» Brief:
The data below is to be transcribed word for word; pictures are to be excluded.

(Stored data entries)
_ _ _ _ _ _ _
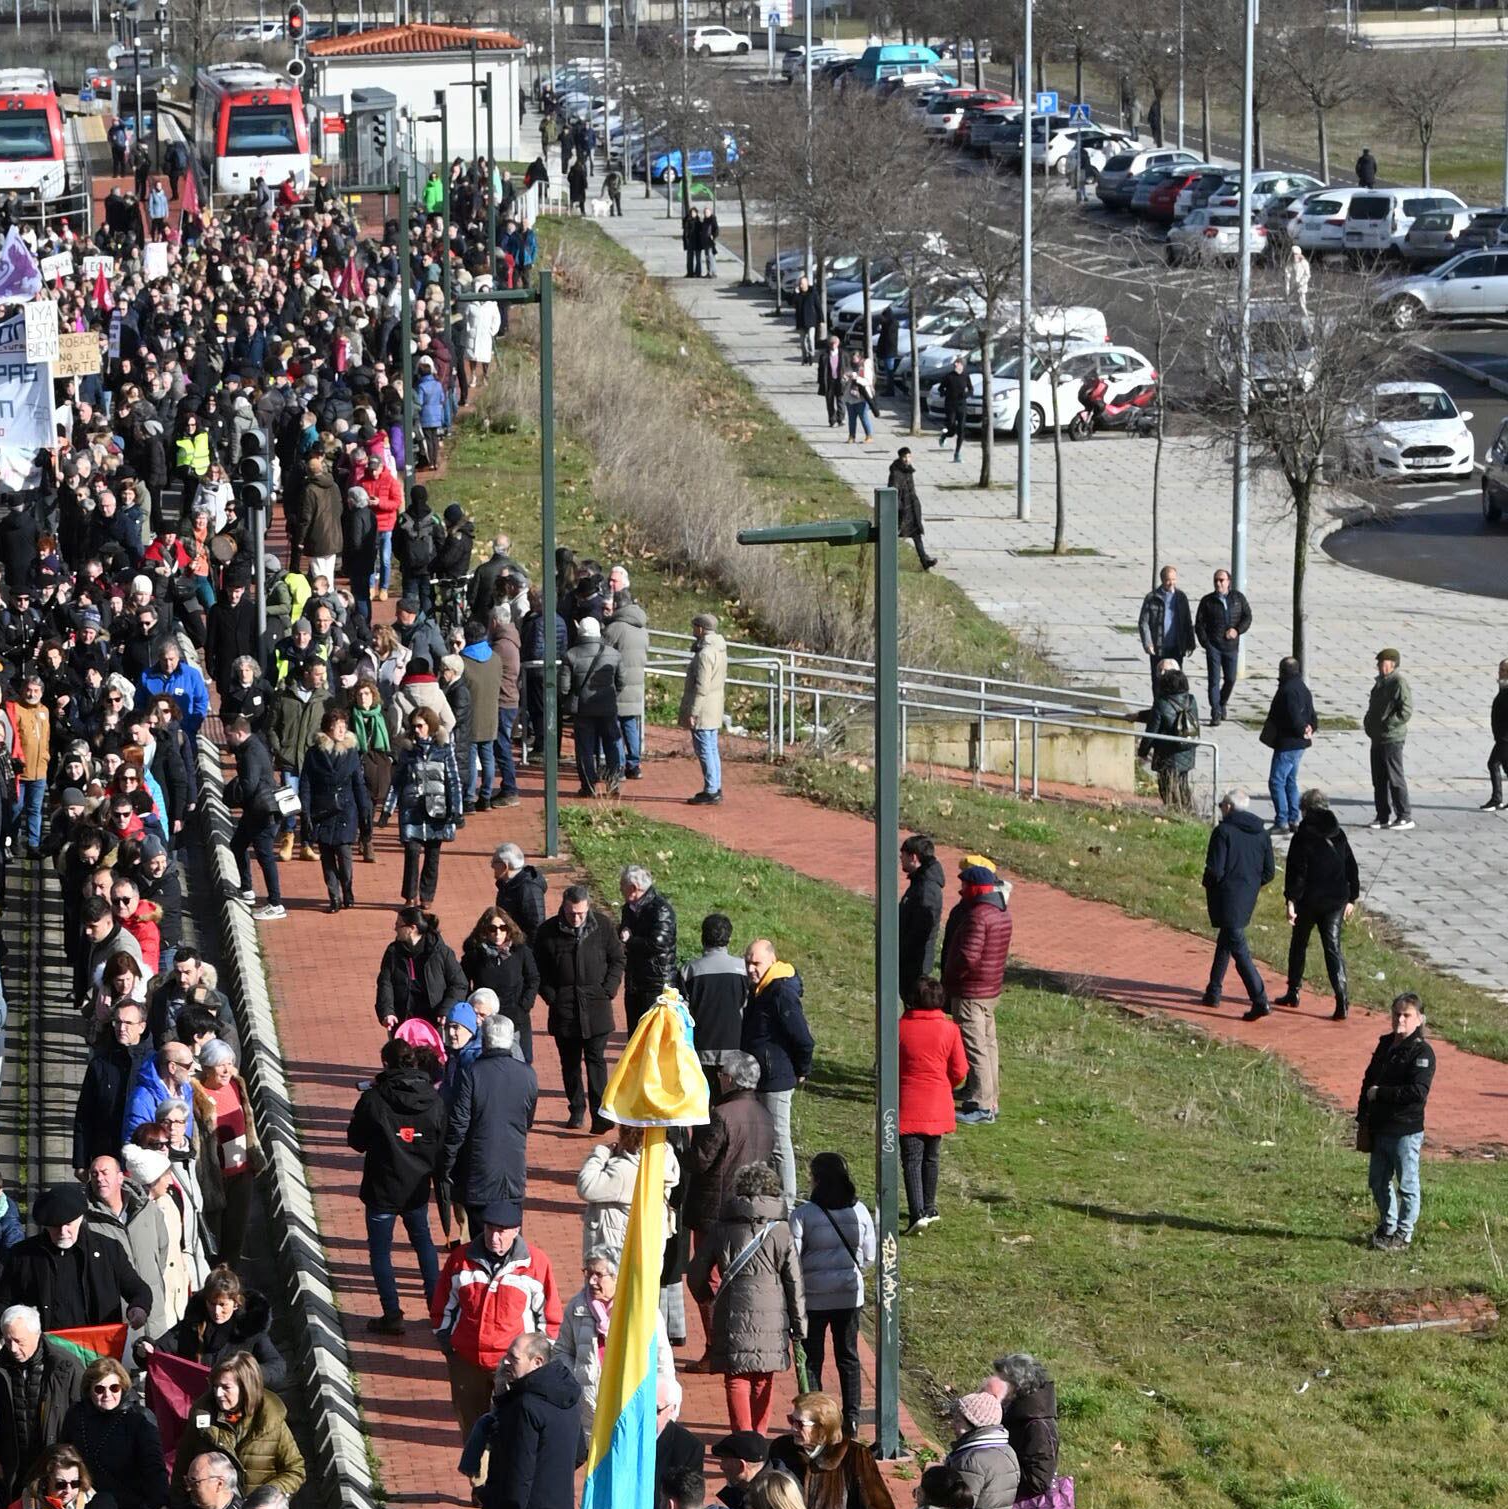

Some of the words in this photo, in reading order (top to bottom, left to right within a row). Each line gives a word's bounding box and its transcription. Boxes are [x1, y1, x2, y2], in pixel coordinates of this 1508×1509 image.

[1040, 95, 1053, 112] P
[59, 334, 99, 349] ROBAJO
[59, 353, 73, 362] NO
[79, 351, 92, 360] SE
[59, 360, 97, 375] PARTE
_ _ _ _ _ _ _
» Exercise solution:
Some of the words in this photo, in reading order (top to bottom, left to right within a row). Each line gives a word's bounding box and its transcription. Boxes are [x1, y1, x2, y2], in pixel coordinates of this 1508×1509 image.

[1040, 95, 1053, 112] P
[59, 334, 99, 349] ROBAJO
[59, 353, 73, 362] NO
[79, 351, 92, 360] SE
[59, 360, 97, 375] PARTE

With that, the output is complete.